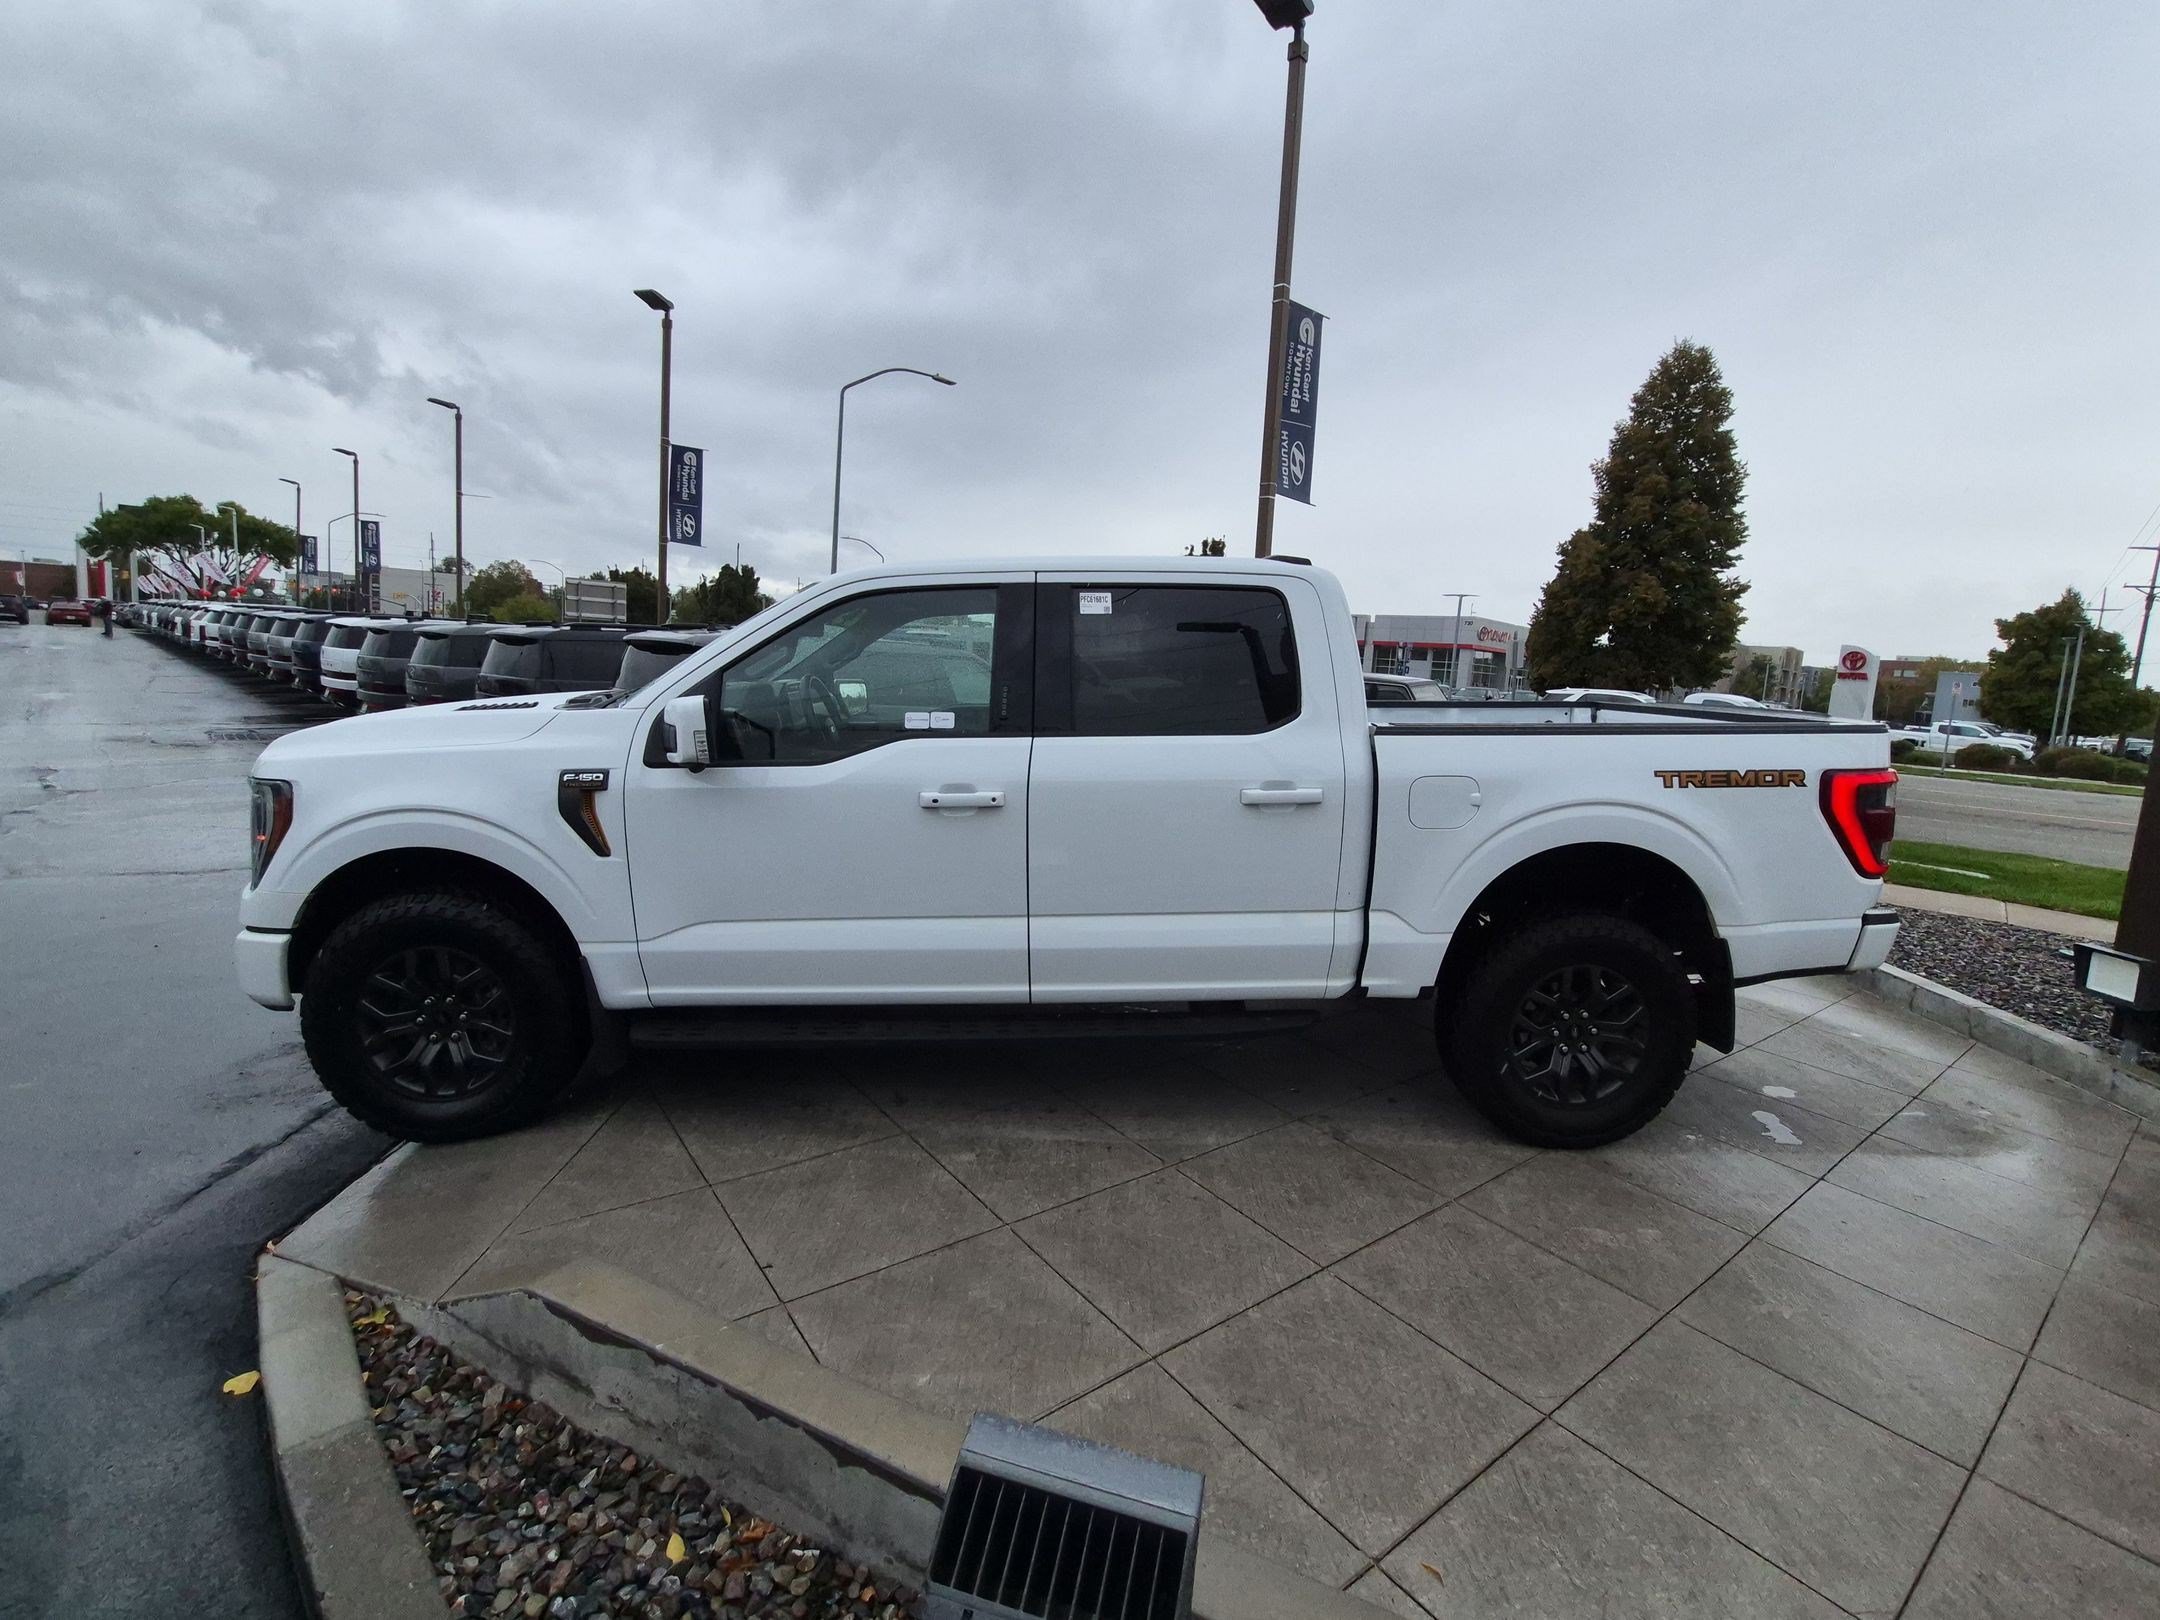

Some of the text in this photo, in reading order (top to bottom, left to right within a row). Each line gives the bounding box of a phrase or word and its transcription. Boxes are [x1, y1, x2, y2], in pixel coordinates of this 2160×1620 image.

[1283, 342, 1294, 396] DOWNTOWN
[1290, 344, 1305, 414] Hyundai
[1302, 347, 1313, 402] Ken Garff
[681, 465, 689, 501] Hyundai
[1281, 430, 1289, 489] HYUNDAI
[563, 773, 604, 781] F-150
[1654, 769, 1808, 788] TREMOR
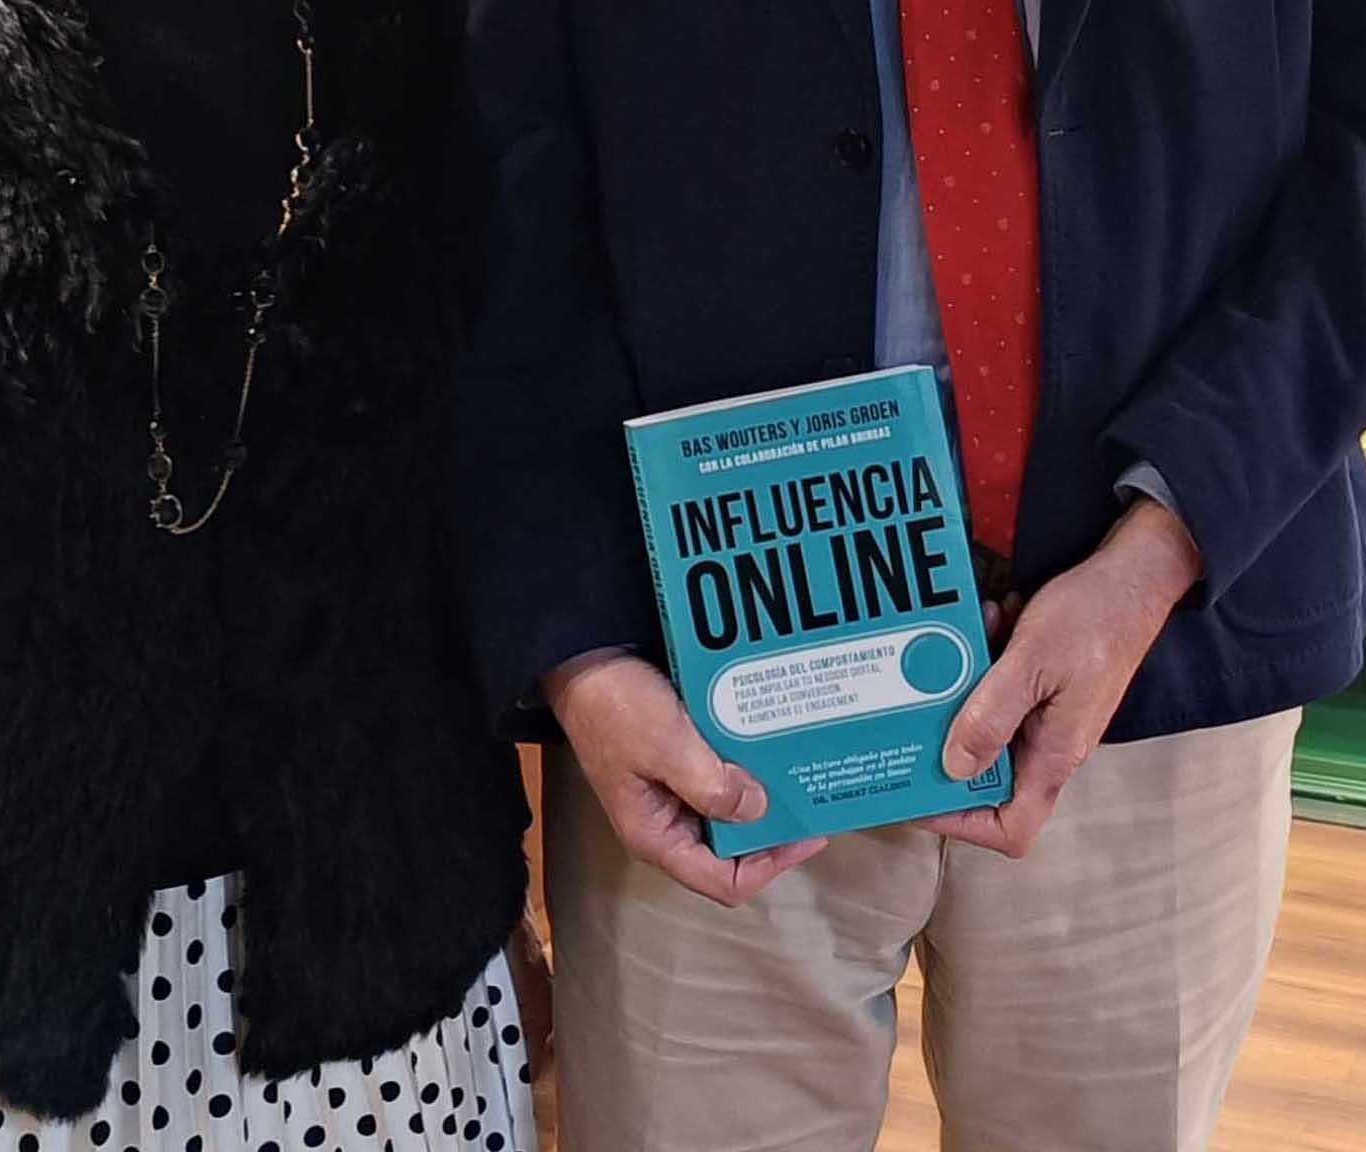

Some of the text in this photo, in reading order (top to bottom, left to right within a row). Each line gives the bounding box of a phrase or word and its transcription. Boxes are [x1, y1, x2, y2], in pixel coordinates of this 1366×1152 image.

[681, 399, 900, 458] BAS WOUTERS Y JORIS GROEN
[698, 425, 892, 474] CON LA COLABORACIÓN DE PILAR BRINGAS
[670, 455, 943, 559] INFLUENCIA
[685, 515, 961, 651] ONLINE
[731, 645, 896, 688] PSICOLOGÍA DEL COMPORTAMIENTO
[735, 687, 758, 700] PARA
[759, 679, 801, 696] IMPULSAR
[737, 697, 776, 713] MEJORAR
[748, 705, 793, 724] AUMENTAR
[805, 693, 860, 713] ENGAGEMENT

***

Retype the lines above without alteration. The first is the one containing "this 1366×1152 image.", and the last is the final line of the data.

Some of the text in this photo, in reading order (top to bottom, left to right within a row). Each line gives the bounding box of a phrase or word and its transcription. Boxes are [x1, y1, x2, y2], in pixel coordinates of this 1366×1152 image.

[681, 399, 900, 458] BAS WOUTERS Y JORIS GROEN
[698, 425, 892, 474] CON LA COLABORACIÓN DE PILAR BRINGAS
[670, 455, 943, 559] INFLUENCIA
[685, 515, 961, 651] ONLINE
[731, 645, 896, 688] PSICOLOGÍA DEL COMPORTAMIENTO
[735, 687, 758, 700] PARA
[759, 679, 801, 696] IMPULSAR
[737, 697, 776, 713] MEJORAR
[748, 705, 793, 724] AUMENTAR
[805, 693, 860, 713] ENGAGEMENT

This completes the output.